ABSTRACT

Two of Plato’s main interests were in science and morality. He thought that if one did the first properly one’s problems with the second would be solved. At least, this is what he came to believe. For in his view the main problem in morality is to discover how it is best for a man to live, and a fully developed scientific understanding will reveal how it is best for things to be, where ‘things’ include humanity. This position seems to have been reached as a result of trying to meet a variety of arguments corrosive of traditional moral standards, and this moral concern pervades the dialogues, cropping up in the midst of apparently abstruse discussions far removed from ethics. It is not always easy to see how his answers to other problems bear on these moral issues, or even, sometimes, how his views are anything but a perversion brought about by moral obsessions.

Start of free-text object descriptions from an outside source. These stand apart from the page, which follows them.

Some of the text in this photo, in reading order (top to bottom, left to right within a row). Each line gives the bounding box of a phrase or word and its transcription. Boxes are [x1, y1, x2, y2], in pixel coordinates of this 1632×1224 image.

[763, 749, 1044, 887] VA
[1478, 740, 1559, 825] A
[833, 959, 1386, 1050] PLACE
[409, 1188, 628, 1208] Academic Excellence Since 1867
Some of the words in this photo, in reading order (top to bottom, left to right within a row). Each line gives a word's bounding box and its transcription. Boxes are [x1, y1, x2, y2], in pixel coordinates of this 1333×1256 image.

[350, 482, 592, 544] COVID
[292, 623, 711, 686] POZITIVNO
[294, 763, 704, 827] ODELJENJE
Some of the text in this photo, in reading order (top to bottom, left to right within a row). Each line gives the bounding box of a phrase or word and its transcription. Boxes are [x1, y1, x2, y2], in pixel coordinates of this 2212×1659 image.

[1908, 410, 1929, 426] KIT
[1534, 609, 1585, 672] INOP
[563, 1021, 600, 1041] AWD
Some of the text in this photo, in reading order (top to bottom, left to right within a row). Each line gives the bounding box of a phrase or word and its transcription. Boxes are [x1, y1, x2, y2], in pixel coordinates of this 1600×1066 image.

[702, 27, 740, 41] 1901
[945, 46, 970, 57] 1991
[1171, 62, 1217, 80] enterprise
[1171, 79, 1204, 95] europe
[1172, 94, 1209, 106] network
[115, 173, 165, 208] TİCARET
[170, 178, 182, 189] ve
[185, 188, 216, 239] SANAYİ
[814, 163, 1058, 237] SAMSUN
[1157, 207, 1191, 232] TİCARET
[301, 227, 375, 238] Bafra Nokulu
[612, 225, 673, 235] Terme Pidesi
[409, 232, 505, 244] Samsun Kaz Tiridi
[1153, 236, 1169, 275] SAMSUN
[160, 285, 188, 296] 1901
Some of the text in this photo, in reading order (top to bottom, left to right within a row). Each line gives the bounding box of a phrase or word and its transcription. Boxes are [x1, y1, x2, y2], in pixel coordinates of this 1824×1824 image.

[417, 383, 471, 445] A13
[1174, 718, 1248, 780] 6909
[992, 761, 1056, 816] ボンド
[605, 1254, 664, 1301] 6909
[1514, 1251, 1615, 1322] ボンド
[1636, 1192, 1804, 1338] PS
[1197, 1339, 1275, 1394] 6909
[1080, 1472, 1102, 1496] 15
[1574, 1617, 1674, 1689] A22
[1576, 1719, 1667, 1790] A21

An example of the latter is the constant Platonic refrain that knowledge, true knowledge, is of the good. One can see how a fervent moralist might be carried away to such excesses, holding that only moral knowledge is true knowledge, but Plato seems to apply it over a very broad field, as though all branches of knowledge were really moral knowledge. An example of the former is his treatment of negation and falsity. The topics seem austere philosophical logic, yet in the way Plato talks falsity is somehow allied to sophistry and illusion in contrast with philosophical knowledge which is the underpinning of virtue.